In this guide, you will find step-by-step instructions, Frequently Asked Questions (FAQs), best practices, and tips to effectively navigate and utilize the platform to its fullest potential. Our aim is to ensure that you have all the necessary tools and knowledge to optimize your experience and benefit from the platform’s capabilities.

A Note to Users

This is just the beginning! The valuable information displayed on this platform is set to evolve into a suite of multiple food supply chain tools beyond interactive visualization. Over the next 2 years, we plan to introduce reports, charts, connection channels, and many other features to further amplify the power and usefulness of the data being collected. This project is dedicated to supporting you, your business, or your organization, and aims to build a common space for BC Food Supply Chain collaboration. Thank you for being a part of this journey! Our team is eagerly anticipating a productive and innovative 2024. We’re thrilled to have you on board. Together, we will prioritize food affordability for all of British Columbia by supporting local producers and intelligently utilizing data-driven tools to benefit the entire system.
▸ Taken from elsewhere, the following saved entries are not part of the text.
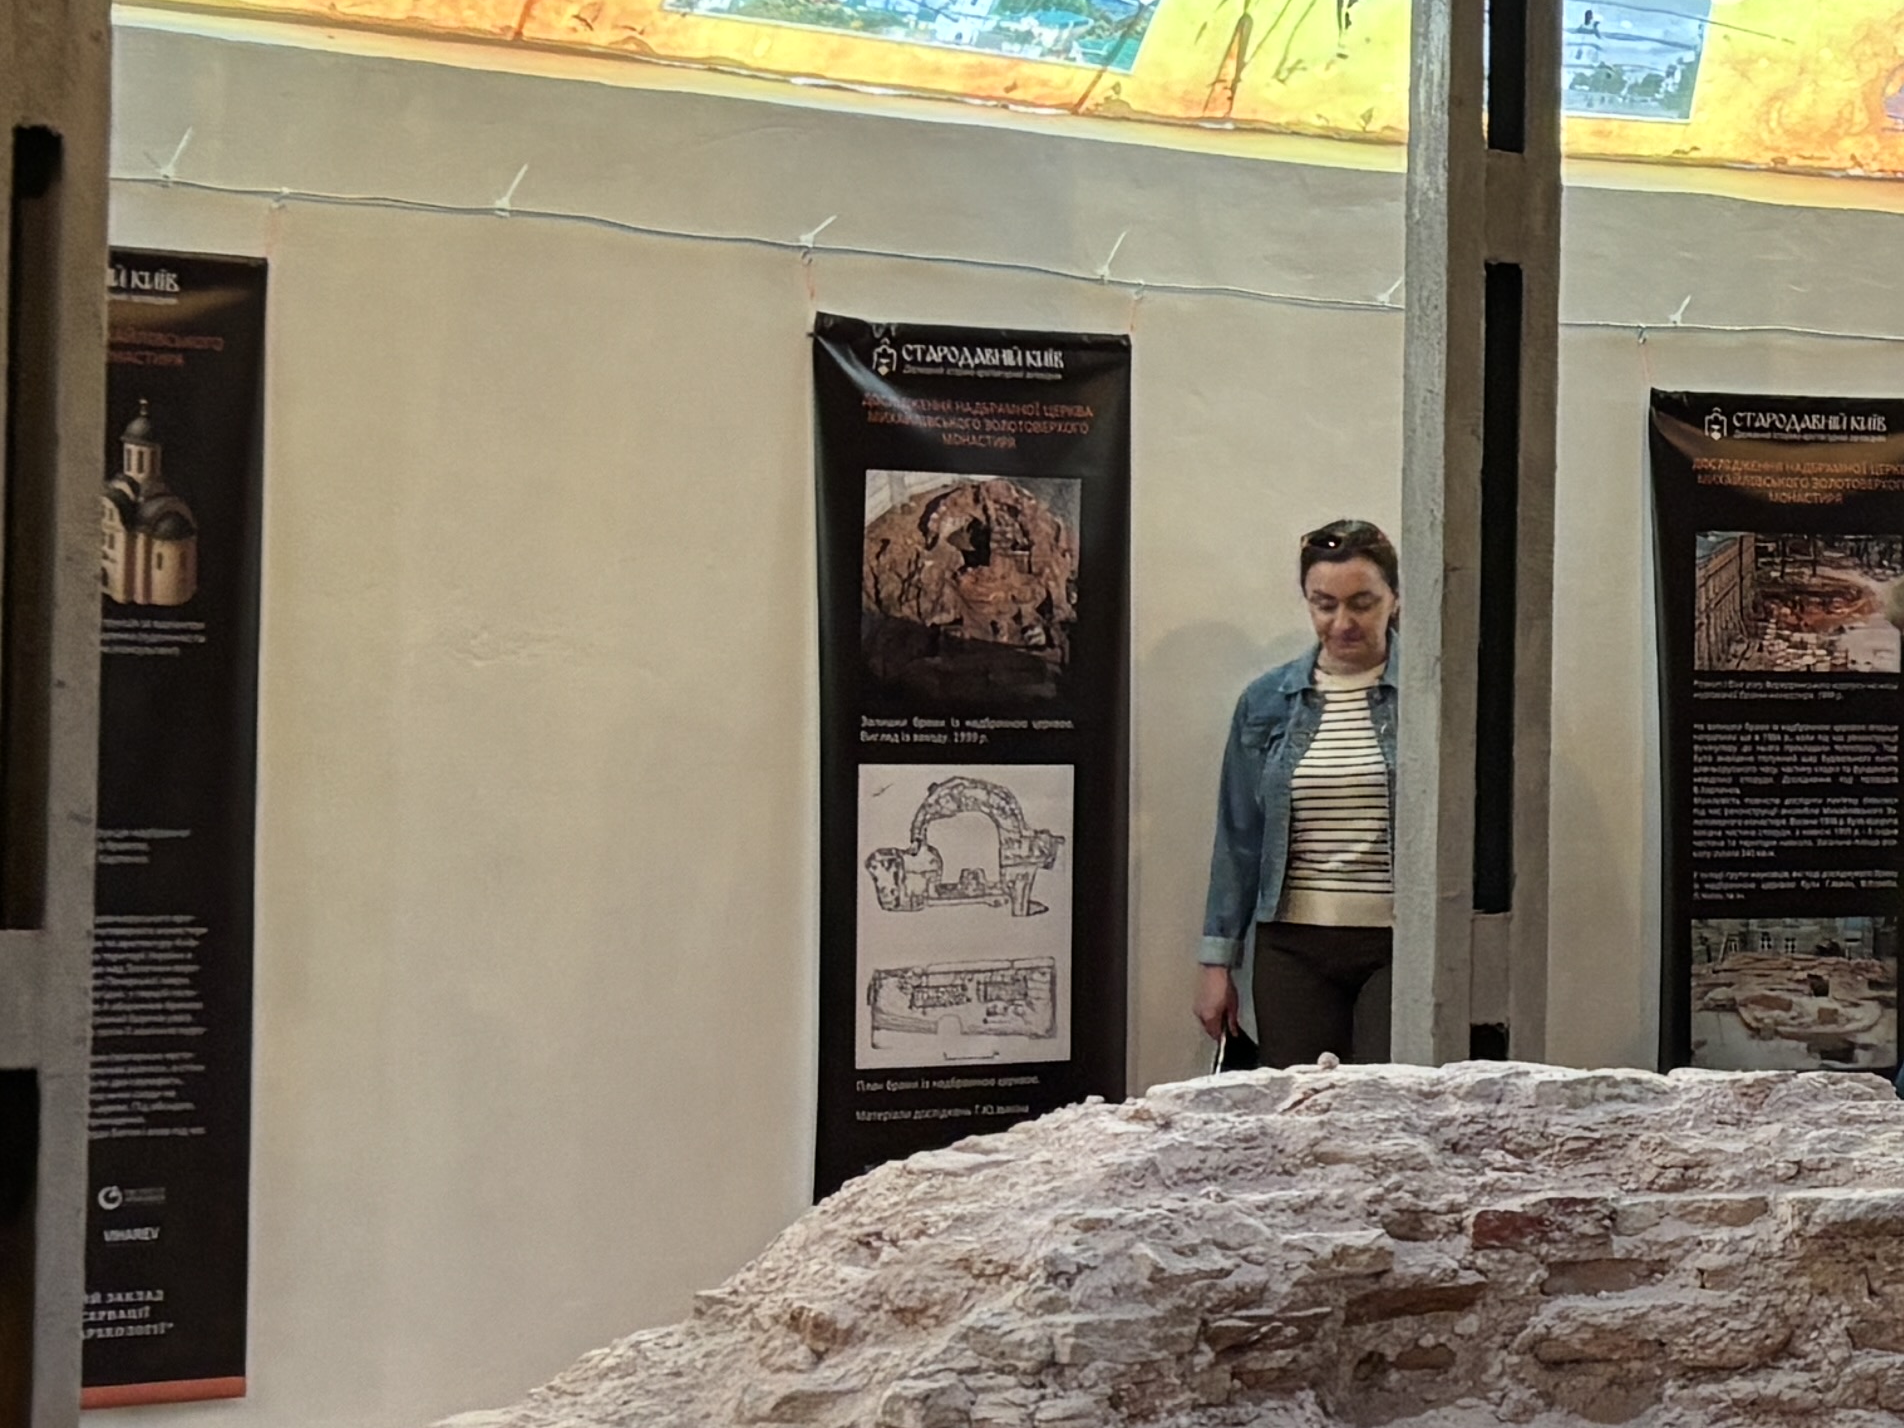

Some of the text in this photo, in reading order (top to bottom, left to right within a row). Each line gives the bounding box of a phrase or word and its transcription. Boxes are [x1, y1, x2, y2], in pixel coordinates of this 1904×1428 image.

[1025, 348, 1064, 369] КИЇВ
[1732, 411, 1888, 432] СТАРОДАВНІЙ КИЇВ
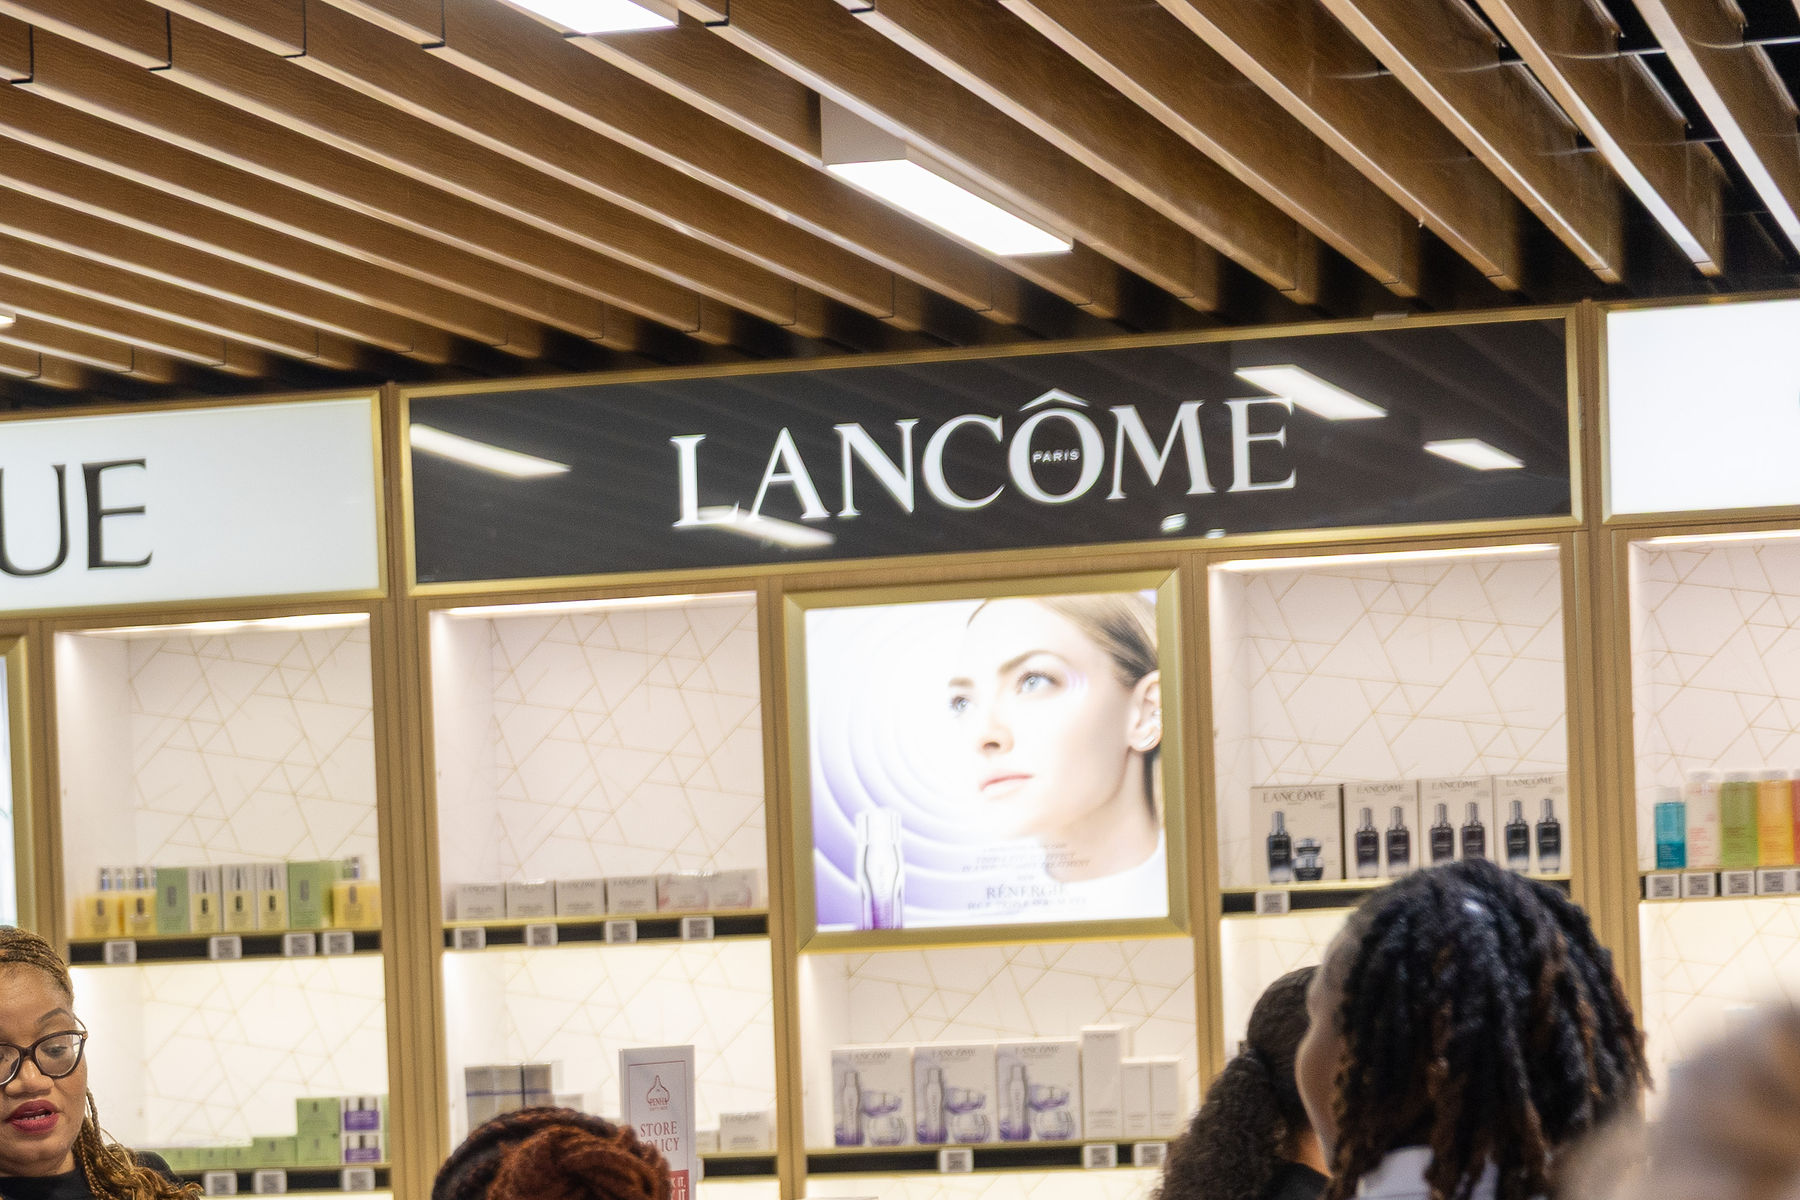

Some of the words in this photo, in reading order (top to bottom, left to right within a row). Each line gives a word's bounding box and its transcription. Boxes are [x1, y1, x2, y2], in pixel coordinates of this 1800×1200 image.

[670, 389, 1297, 527] LANCÔME
[1032, 448, 1080, 463] PARIS
[640, 1121, 678, 1138] STORE
What is the food supply chain modelling platform?

The Modelling Platform is a grassroots, data-driven supply chain management tool, developed in partnership with Canadian educational institutions, economic agencies, and food security organizations. Its purpose is to serve as a collaborative space for stakeholders in the local food industry, encompassing producers, retailers, non-profits, and other key players. The platform offers an opportunity to work together beyond traditional silos, with minimal barriers to participation. It aims to reduce inefficiencies in the supply chain, lower operating costs for producers, and tackle the issue of food affordability, especially in rural regions.
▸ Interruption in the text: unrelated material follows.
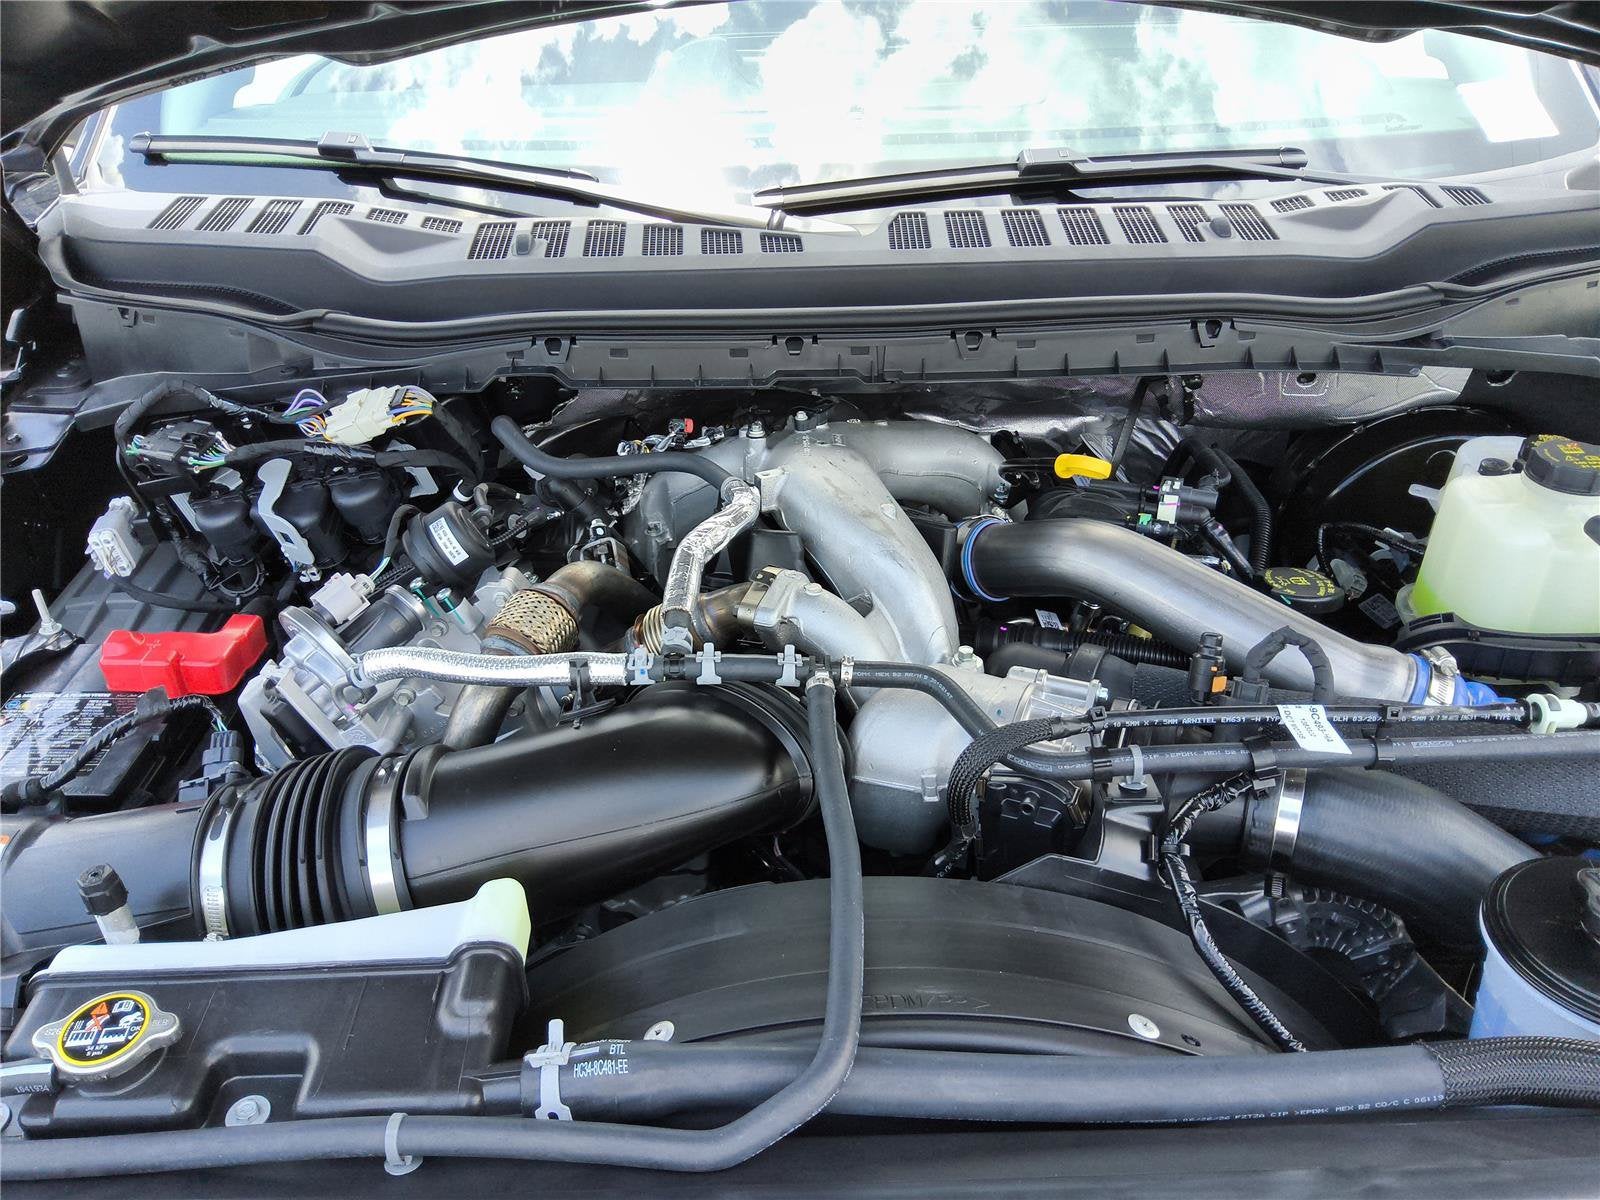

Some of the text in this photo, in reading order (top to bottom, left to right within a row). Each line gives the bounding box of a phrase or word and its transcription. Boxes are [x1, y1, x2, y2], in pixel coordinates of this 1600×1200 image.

[1181, 716, 1217, 725] ARNITEL
[130, 1024, 142, 1032] OK
[609, 1043, 626, 1055] BTL
The platform consolidates real-time, crowdsourced data from members into interactive visualizations, offering a comprehensive view of the food supply chain at any scale. Going beyond the capabilities of conventional mapping techniques, this modelling platform provides detailed insights into the complex interactions found in our food supply chains. Designed for scalability and versatility, it supports various products, processes, and organizational sizes, offering insights into rural supply chains for effective decision-making.

Who created the food model?

The platform began with a small test region in southern British Columbia in 2021. Planning, design, and early implementation were a fruitful collaborative effort between TruGIS Web & Geospatial Services and the Lower Columbia Initiatives Corporation (LCIC). The project has since evolved and grown, responding to feedback and incorporating greater technical sophistication. The platform now enjoys the support and/or partnership of multiple stakeholders with extensive expertise and experience within the food industry and beyond. These include the Boundary Community Ventures Association, the Kamloops Food Policy Council, the Central Kootenay Food Policy Council, the University of Guelph, Selkirk Innovates, and the Social Sciences and Humanities Research Council of Canada. The list of supporters is expected to continue growing over the next few years of development.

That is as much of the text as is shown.